Penso — senza lusingarmi, no... — di aver ingurgitato non poche monografie (articoli o volumi) che affronterebbero apparentemente il problema di Simon Mago. Sicuro di un certo fatto: mai vi ho trovato la (buona) ragione della sua origine samaritana.

E mai vi ho trovato la spiegazione e la giustificazione dell'Elena che accompagna il mago Simone, donna che i Padri della Chiesa e gli apocrifi sostengono, in coro, che lui avesse raccolto in un lupanare. — Eppure la spiegazione è semplice. — Paolo (Saulo) l'apostolo è detto, nel Nuovo Testamento e per motivi che considererò più oltre, occuparsi delle «nazioni», dei GWYM. Leggendo ciò, i fabbricatori della caricatura di Saulo-Paolo (ossia Simon Mago, appunto) gli hanno dato per accolita la nazione pagana per eccellenza, YWNH, la nazione «greca» (la nazione odiata — da cui il lupanare: il luogo della prostituzione, luogo tipico dell'idolatria nel lessico tecnico-religioso del giudaismo): perché «Elena», per mezzo di gioco di parole, significa «la Greca»! e il suo equivalente ebraico, YWNH, vuol dire anche «la Greca, l'Ellena» (letteralmente «la Ionia»)! — Se il mago Simone è andato a cercare in un bordello una di nome Elena, è perché, antitesi che ridicoleggia Saulo-Paolo, flirtava con le «nazioni» (vale a dire con i GWYM — termine tendenziosamente inteso , dai detrattori dell'apostolo e del midrash che lo produce, nel suo unico senso di «nazioni pagane», di «nazioni empie, incirconcise»): «nazioni» di cui tutti i profeti biblici ribadiscono che sono «prostitute», ZNW.

Da cui Elena compagna di Simone — una prostituta che fa da spalla alla caricatura di Saulo-Paolo; da cui Elena (ossia la Greca) venuta da un luogo di prostituzione.

E Simon Mago non è una caricatura greca o latina di Saulo-Paolo: ne è l'antitipo ebraico.
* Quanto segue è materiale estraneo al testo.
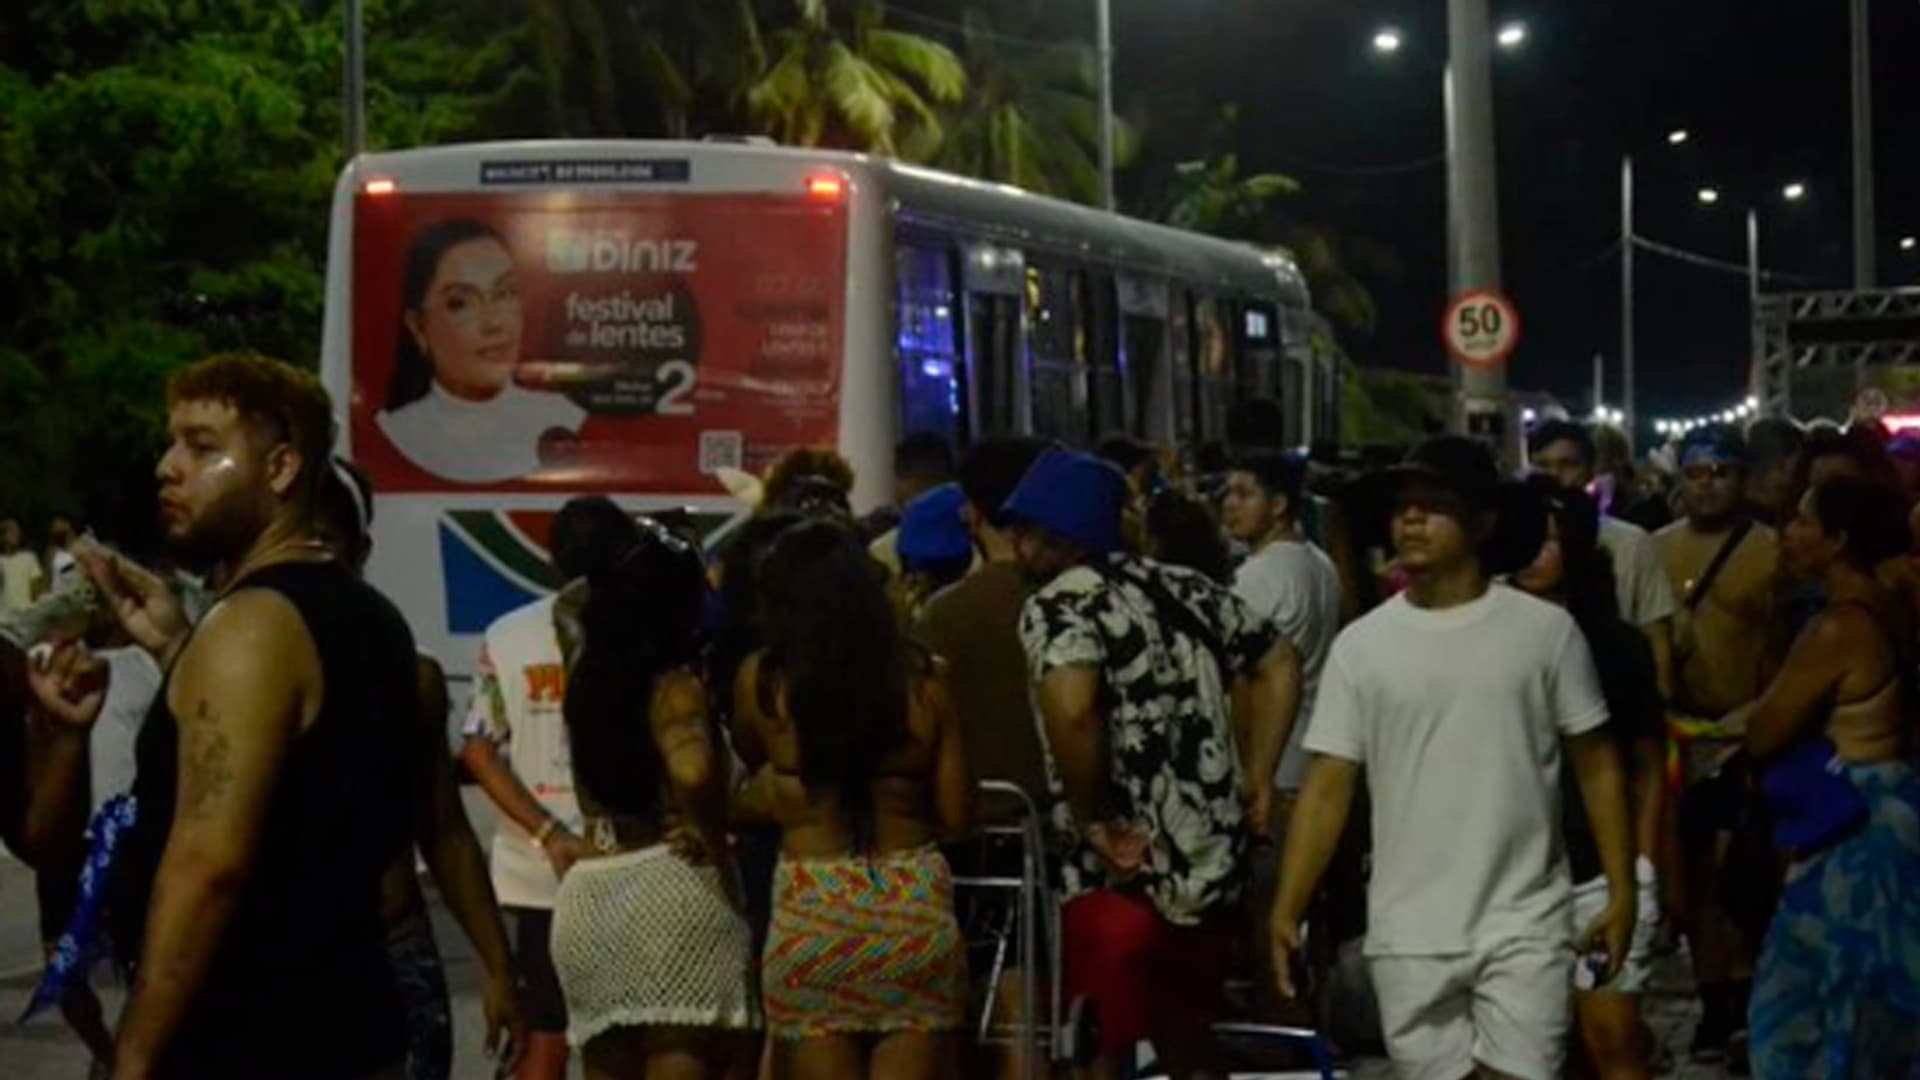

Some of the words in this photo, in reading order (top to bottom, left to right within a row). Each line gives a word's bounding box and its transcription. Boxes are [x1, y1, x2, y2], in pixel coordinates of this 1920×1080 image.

[566, 292, 674, 320] festival
[1459, 303, 1502, 337] 50
[590, 322, 685, 348] lentes
[656, 359, 697, 415] 2
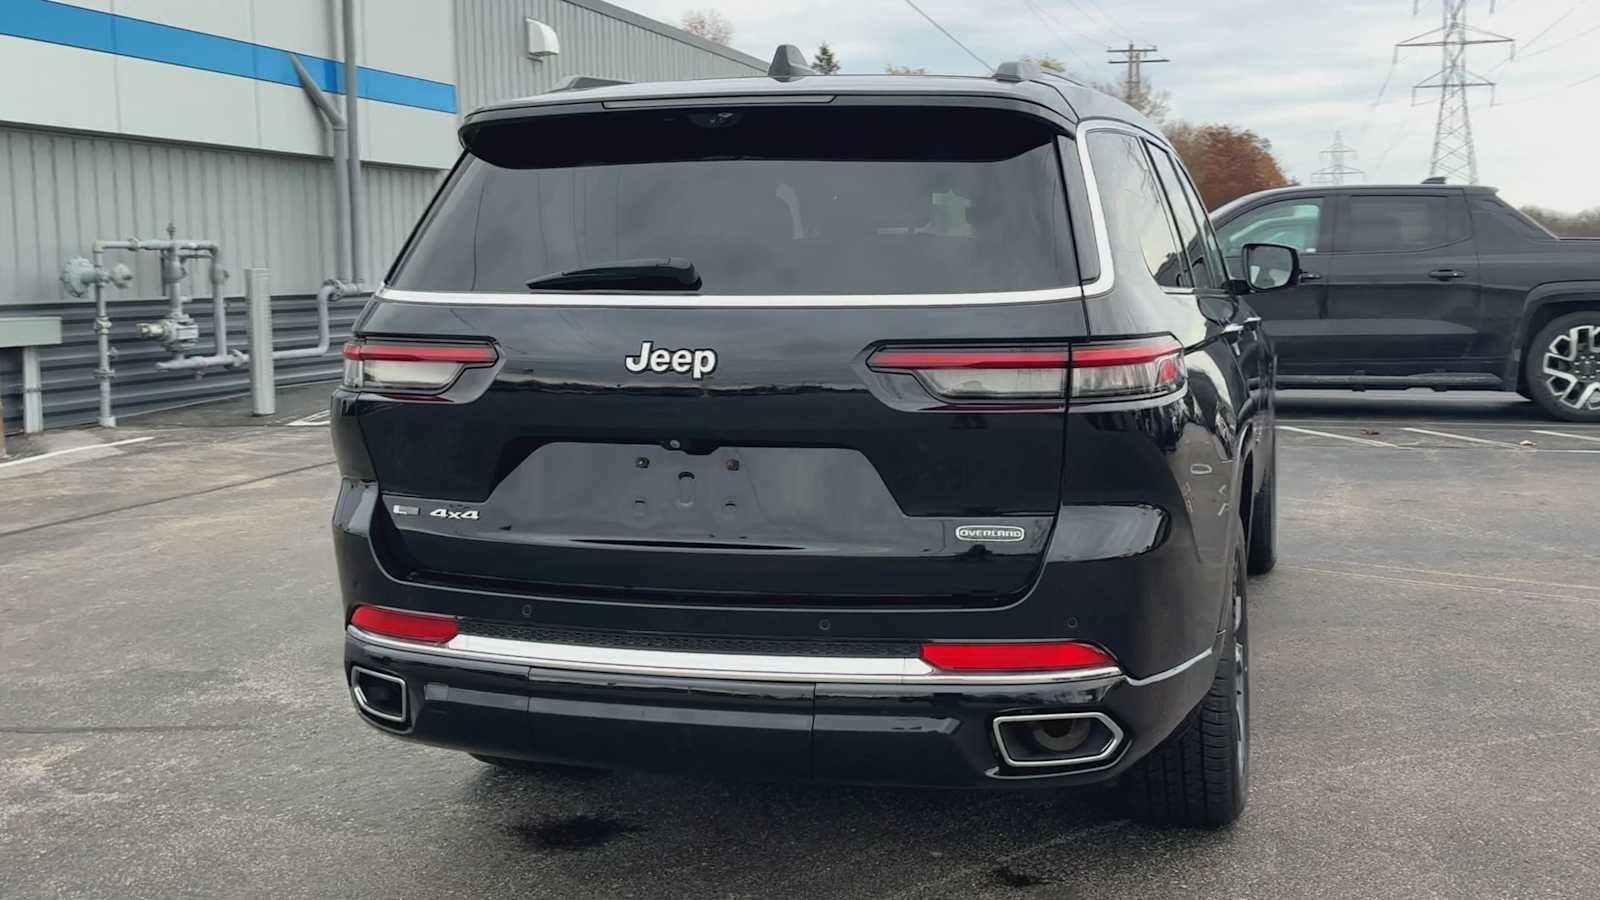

Testualmente nulla nella sua genesi, si comprende senza ricorso all'ebraico. (E la prova ne è, oltre quella che ho appena stabilito, che gli esperti di gnosticismo e di Simone — tutti bravi a cosa? — non capiscono, infatti, nulla della sua genesi, dei suoi fatti e gesta, della sua avventure...)

Ma abbastanza su Simone. Abbastanza su Saulo-Paolo parodiato.

Dove sto?

Presso il Saulo-Paolo, derivato, per mezzo di midrash, dal Saul biblico. Dalla cosiddetta biografia storica dell'apostolo cosiddetto storicamente esistito, ho, non senza successo, eliminato un buon numero di tratti caratteristici e le ho fatte riportare alla loro patria originaria: la Bibbia ebraica.

Il mio risultato: questo stupido teorema: Paolo, in quanto è Saulo-Saul/ŜʼWL, ha per luogo naturale la Bibbia.

La Bibbia ebraica: ciò che gli indoeuropei chiamano, assurdamente, l'Antico Testamento. — E sì: tutto Paolo (tutto Saulo) viene da 1 e 2 Samuele.

Viene da 1 e 2 Samuele, certo... ma non viene solo da lì. Perché: e Tarso?... e la resurrezione dei morti?... e Saulo-Paolo legato in catene?... e... e la via di Damasco?... È vero: che ne faccio?